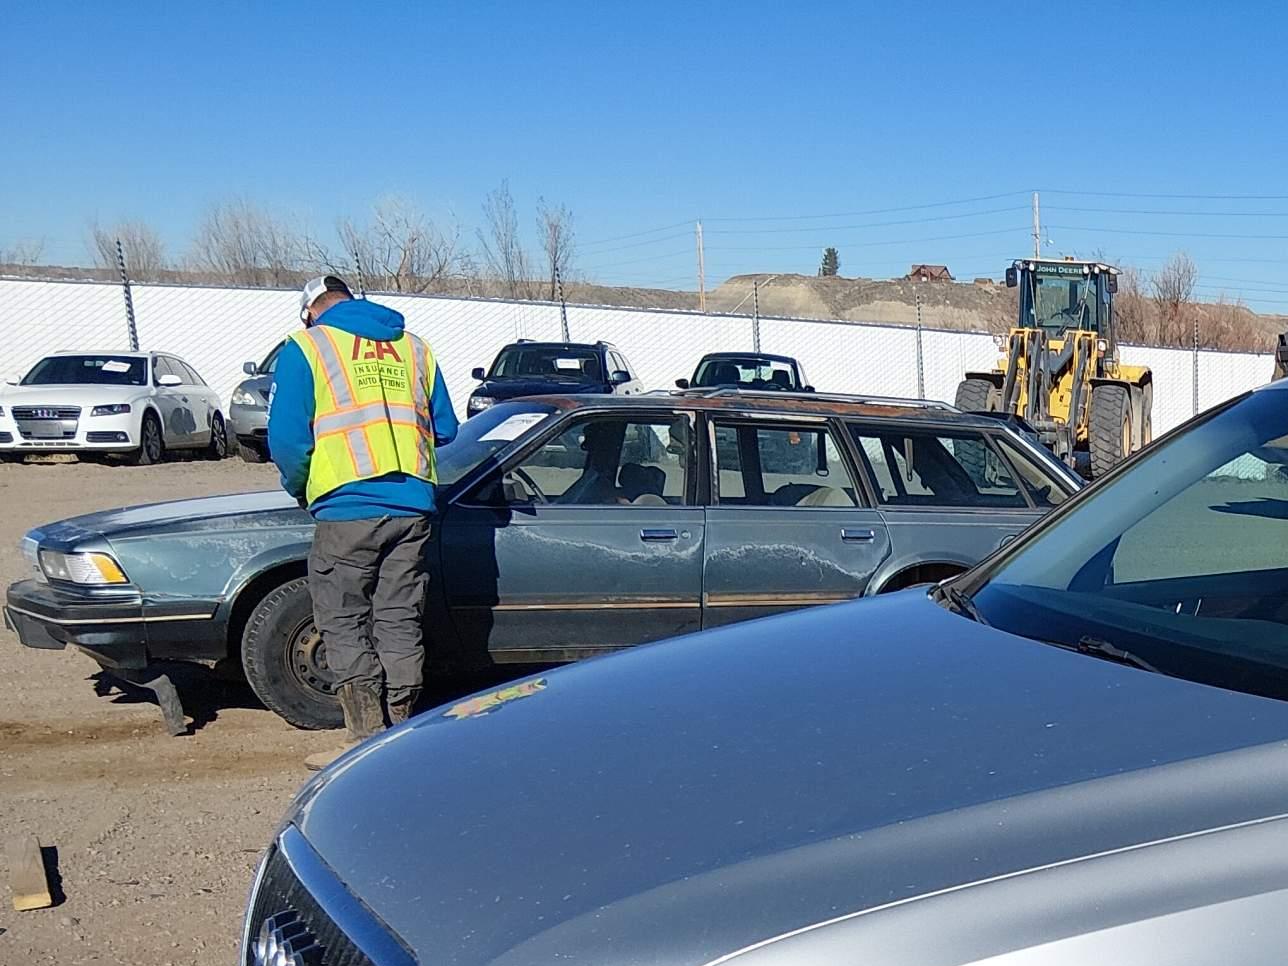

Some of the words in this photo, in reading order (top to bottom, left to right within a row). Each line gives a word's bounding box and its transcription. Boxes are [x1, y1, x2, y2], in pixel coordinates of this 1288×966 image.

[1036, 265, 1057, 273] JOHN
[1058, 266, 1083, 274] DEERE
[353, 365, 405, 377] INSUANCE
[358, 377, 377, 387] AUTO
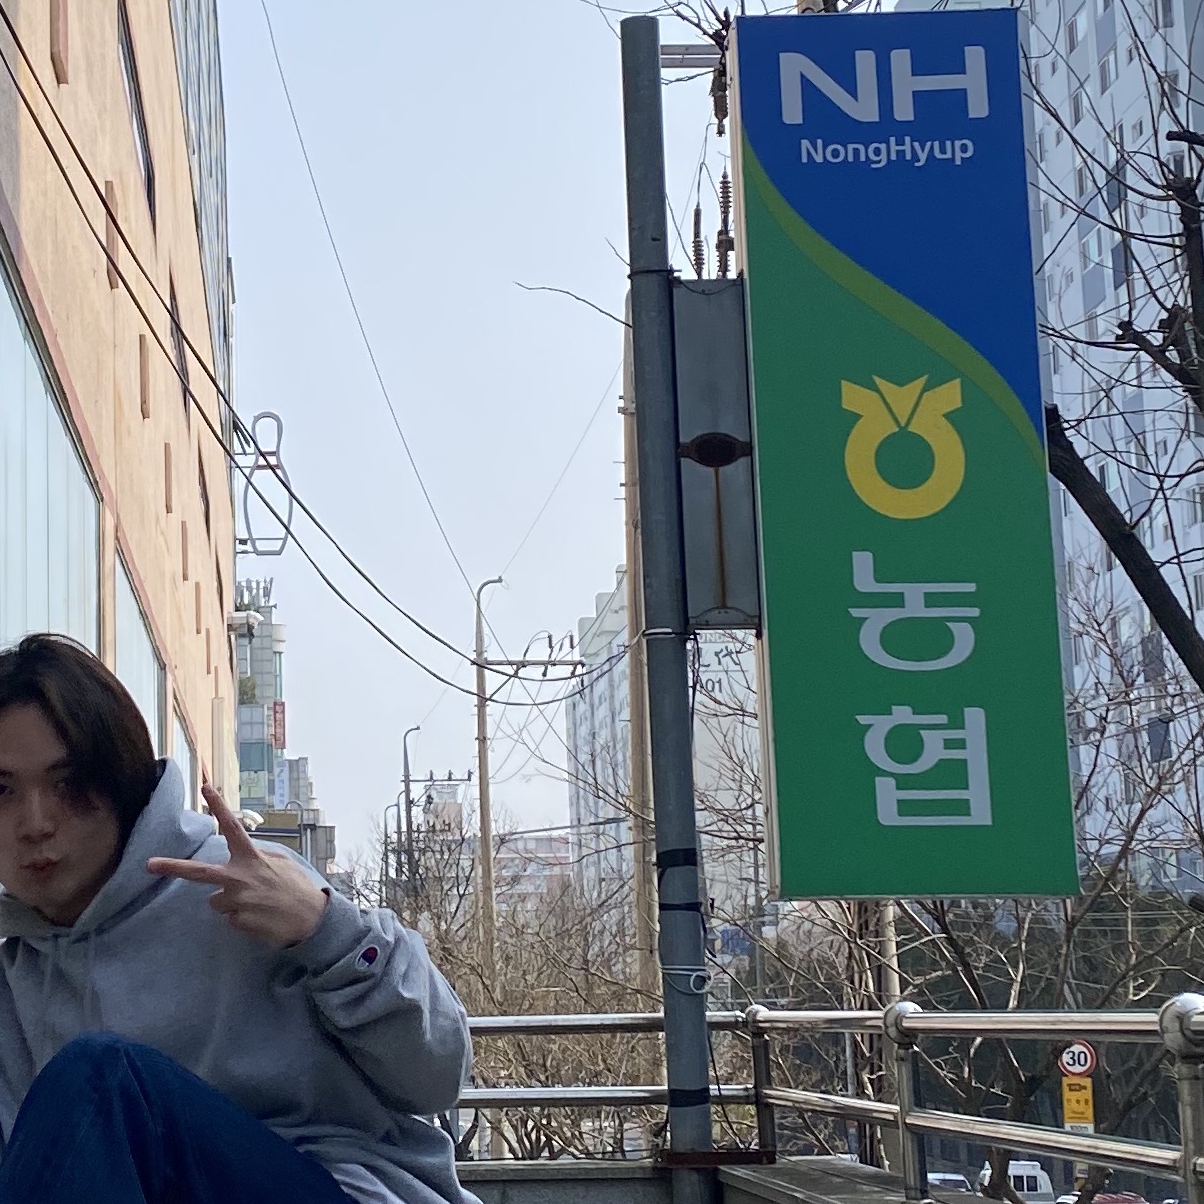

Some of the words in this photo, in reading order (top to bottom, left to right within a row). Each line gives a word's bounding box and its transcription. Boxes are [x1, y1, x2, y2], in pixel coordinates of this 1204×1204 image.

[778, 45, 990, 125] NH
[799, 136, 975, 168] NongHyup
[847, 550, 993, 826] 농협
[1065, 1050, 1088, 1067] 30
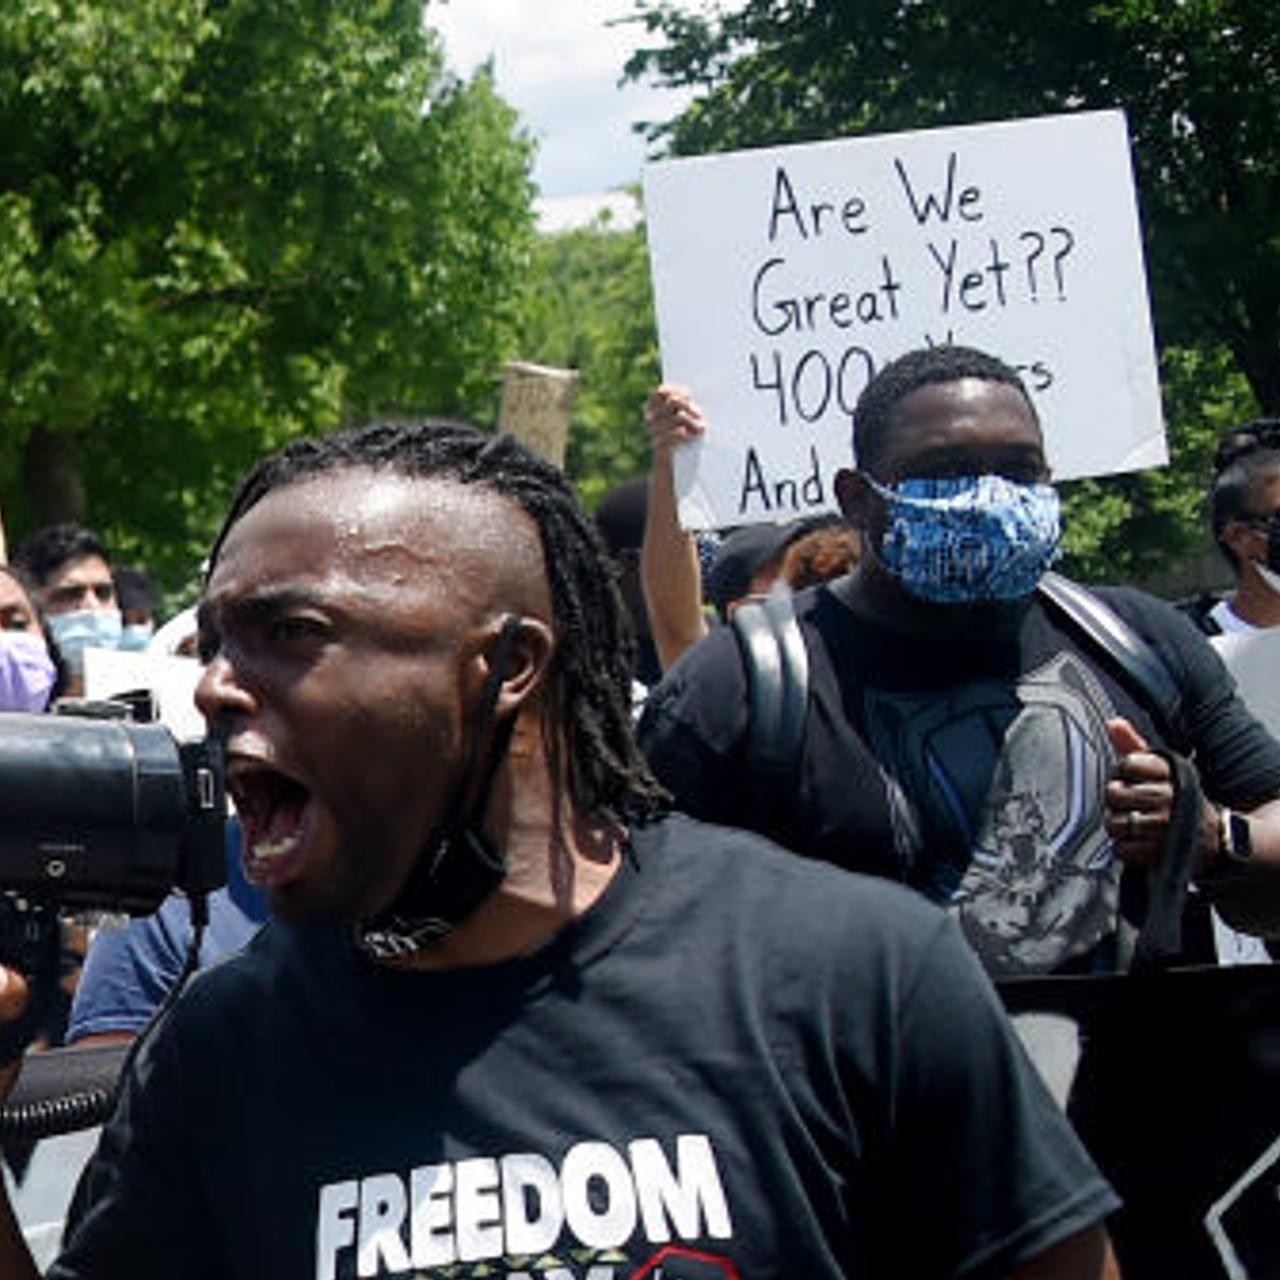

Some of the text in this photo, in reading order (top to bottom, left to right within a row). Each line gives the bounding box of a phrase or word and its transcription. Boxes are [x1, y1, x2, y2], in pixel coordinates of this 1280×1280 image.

•••

• **TASK GOAL**: Everything in the entries except the pictures must be duplicated exactly.

• **FINAL ANSWER**:
Some of the words in this photo, in reading order (top to bottom, left to right within a row). Each line gives a word's bounding box and its transcription. Boxes are [x1, y1, x2, y2], in pixel coordinates of this 1288×966 image.

[1036, 265, 1057, 273] JOHN
[1058, 266, 1083, 274] DEERE
[353, 365, 405, 377] INSUANCE
[358, 377, 377, 387] AUTO

Some of the words in this photo, in reading order (top to bottom, left to right within a row). Each line gives a word's bounding box and its transcription. Boxes are [x1, y1, x2, y2], in pixel coordinates of this 1204×1204 image.

[778, 45, 990, 125] NH
[799, 136, 975, 168] NongHyup
[847, 550, 993, 826] 농협
[1065, 1050, 1088, 1067] 30

Some of the text in this photo, in reading order (top to bottom, left to right within a row). Each line gives the bounding box of a phrase or word and its transcription. Boxes are [x1, y1, x2, y2], in pixel coordinates of this 1280×1280 image.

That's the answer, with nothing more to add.